Согласно конституции, Сийес, Роже Дюко, Камбасерес и Лебрён составили список граждан, которые должны были образовать большинство Охранительного сената. Они выбрали людей достойных, которые почти все оказали ценные услуги делу революции: Монжа, Вольнея, Гара, Гарран-Кулона, Келлермана, Кабаниса. Сийес и Роже Дюко вступили в Сенат по прямому указанию конституции; затем состав Сената был путем кооптации доведен до определенного законом числа — 60 членов. В эту вторую категорию попали большею частью люди менее известные; однако в их числе были Добантон, Лагранж и Франсуа (из Невшато). Сенат тотчас избрал 300 членов Законодательного корпуса и 100 членов Трибуната, не обнаружив в своем выборе ни партийной узости, ни раболепия. Напротив, в Законодательный корпус вошли почти исключительно наиболее выдающиеся из бывших членов различных революционных собраний с заметным предпочтением в пользу деятелей 1789 года, но не были исключены ни горячие республиканцы вроде Грегуара, Бреара и Флорана Гюйо, ни даже личные противники Бонапарта, как Дальфонс, который в Совете старейшин оказал резкое противодействие перевороту 18 брюмера. В состав Трибуната вошли люди, по характеру и прошлому своему подходившие для той роли конституционной оппозиции, ради которой, казалось, было создано это учреждение; сюда вошли Андриё, Байльёль, Мари-Жозеф Шенье, Бенжамен Констан, Жан де Бри, Деменье, Женгене, С.-Жирарден, Жар-Панвилье, Лалуа, Ларомигьер, Пеньер. Трибунат и Законодательный корпус твердо и толково выполняли свой долг, стойко борясь пробив нарождающегося деспотизма, и не раз отвергали реакционные законопроекты. Но эти два собрания, столь выдававшиеся по своему личному составу, не могли считаться национальным представительством; это не были даже те нотабли, которые предусмотрены были конституцией: избрание нотаблей было отсрочено до IX года. Поэтому их оппозиция оказалась бесплодной и бессильной, и Бонапарт сломил ее без труда.

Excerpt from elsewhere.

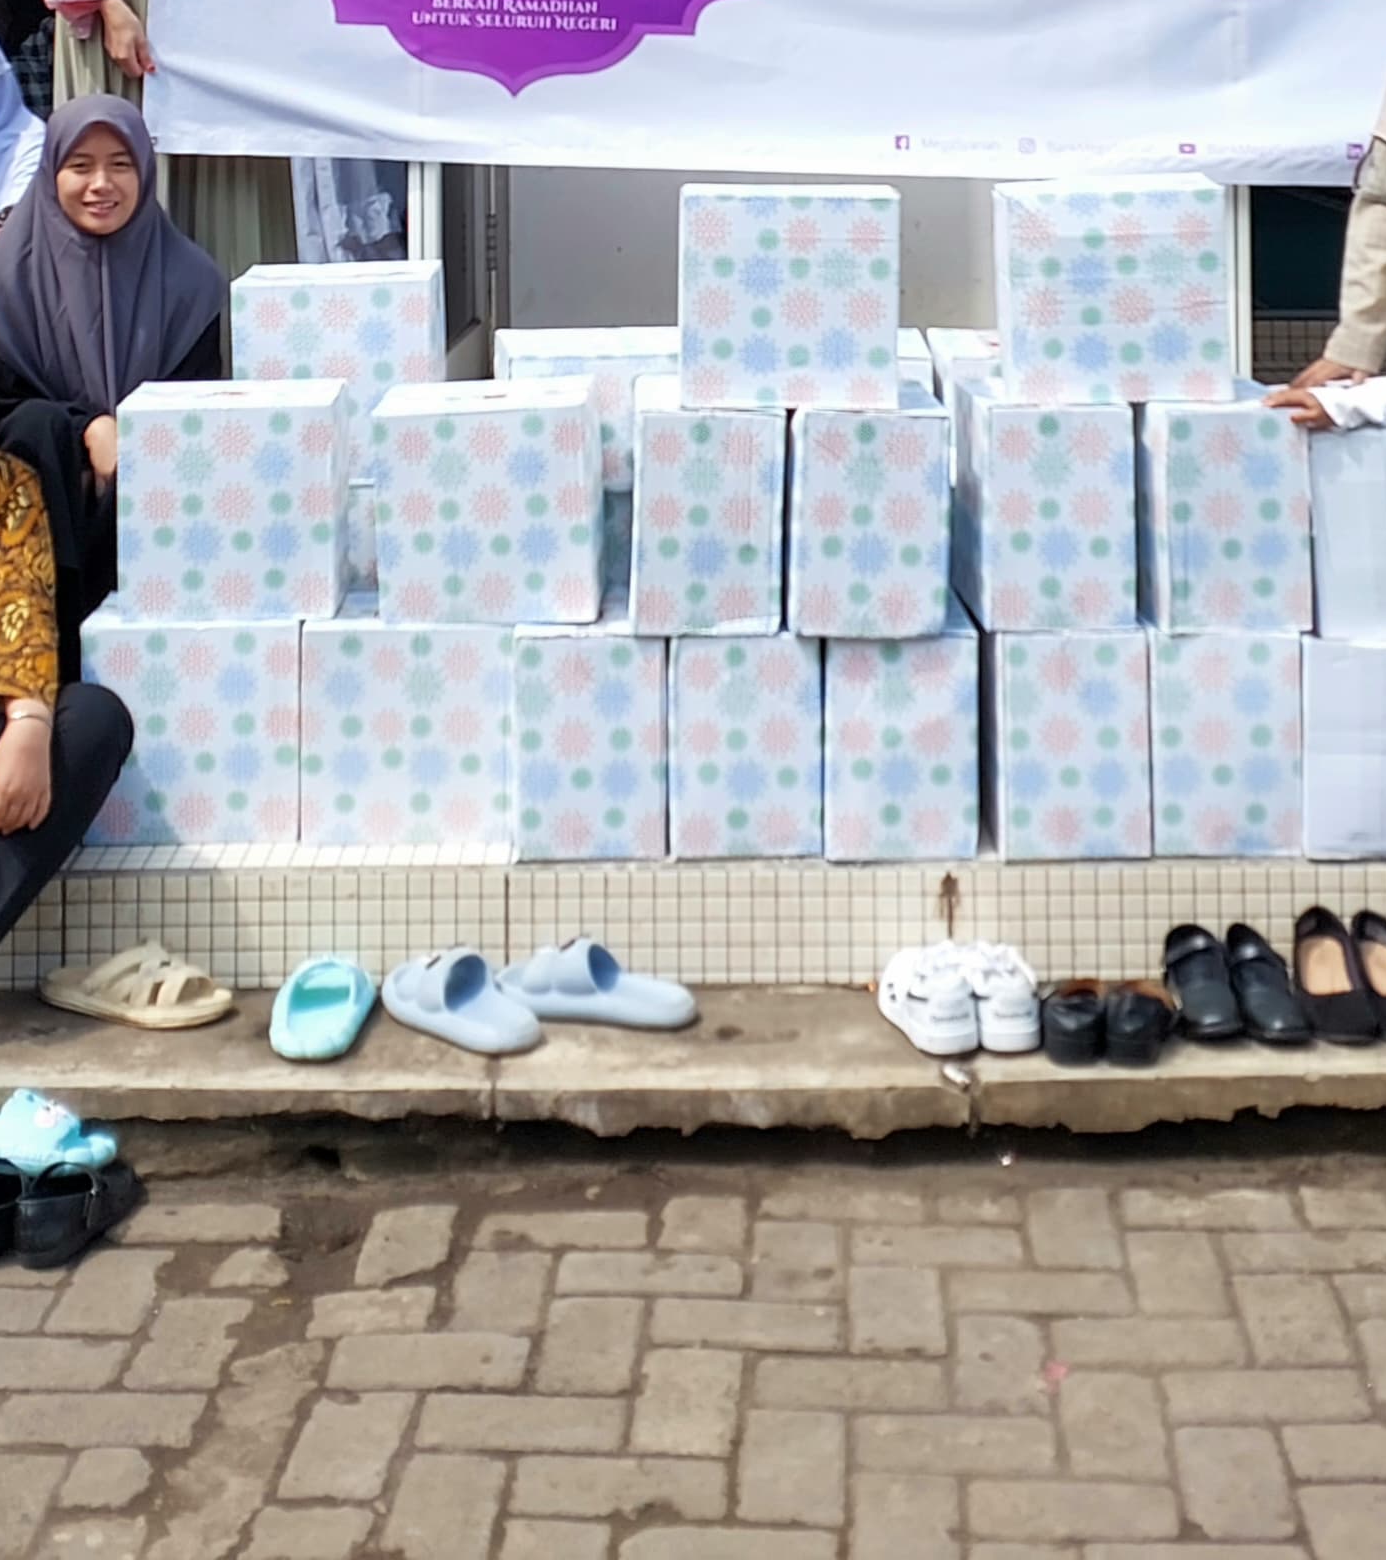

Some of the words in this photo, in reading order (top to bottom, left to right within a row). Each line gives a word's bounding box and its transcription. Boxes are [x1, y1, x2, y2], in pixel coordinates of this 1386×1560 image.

[412, 11, 471, 26] UNTUK
[475, 13, 551, 29] SELURUH
[553, 14, 617, 32] NEGERI

Новый режим по делам печати. Пока периодическая печать была свободна, Бонапарт мог каждую минуту опасаться, что общественное мнение пробудится и обратится против него. Пользуясь терпимостью временного Консульства, часть газет не то чтобы проявляла резкую или даже только твердую оппозицию новому порядку, но все же осмеливалась отмечать некоторые недостатки конституции и первые злоупотребления деспотизма. Так, Gazette de France в номере 26 фримера (17 декабря) говорила: «24-го числа во всех округах Парижа оглашена конституция. Вот анекдот, свидетельствующий об остроумии парижан. Муниципальный чиновник читал текст конституции, и давка среди жаждавших слышать его была так велика, что никому не довелось услышать ни одной полной фразы. Одна женщина говорит своей соседке: — Я ничего не слыхала. — А я не проронила ни единого слова. — Ну, что же есть в этой конституции? — Бонапарт».
В таких насмешливых анекдотах проявлялась оппозиция некоторых газет. Бонапарт боялся, что эта оппозиция в союзе с оппозицией в Трибунате и Законодательном корпусе помешает ему стать властителем. Указом 27 нивоза VIII года (17 января 1800 г.) он приостановил на время войны все выходившие в Париже политические газеты, за исключением следующих тринадцати: Moniteur, Journal des Debate, Journal de Paris, Bien Informe, Publiciste, Ami des his, Chef du cabinet, Citoyen frangais, Gazette de France, Journal du soir des freres Chaigneau, Journal des defenseurs de la patrie, Decade philosophique, Journal des hommes libres. Несомненно, лучшие парижские газеты все-таки уцелели, в том числе даже оппозиционная Gazette de France; но Монитер, крупнейшая из тогдашних газет, с 7 нивоза сделался официальным органом, а остальным двенадцати было объявлено, что они будут немедленно закрыты, если станут помещать «статьи, способные подорвать уважение к «общественному согласию», к «суверенитету народа и к славе армии», или если дадут место на своих столбцах «нападкам на правительства и нации, находящиеся в дружбе или союзе с республикой, хотя бы такие статьи были заимствованы из иностранных периодических изданий». В общем прессе была воспрещена малейшая оппозиция; первый консул мог осуществлять свои честолюбивые планы безнаказанно и среди почти полного молчания общества. Действительно, постановлением 27 нивоза VIII года (17 января 1800 г.) открывается эра деспотизма.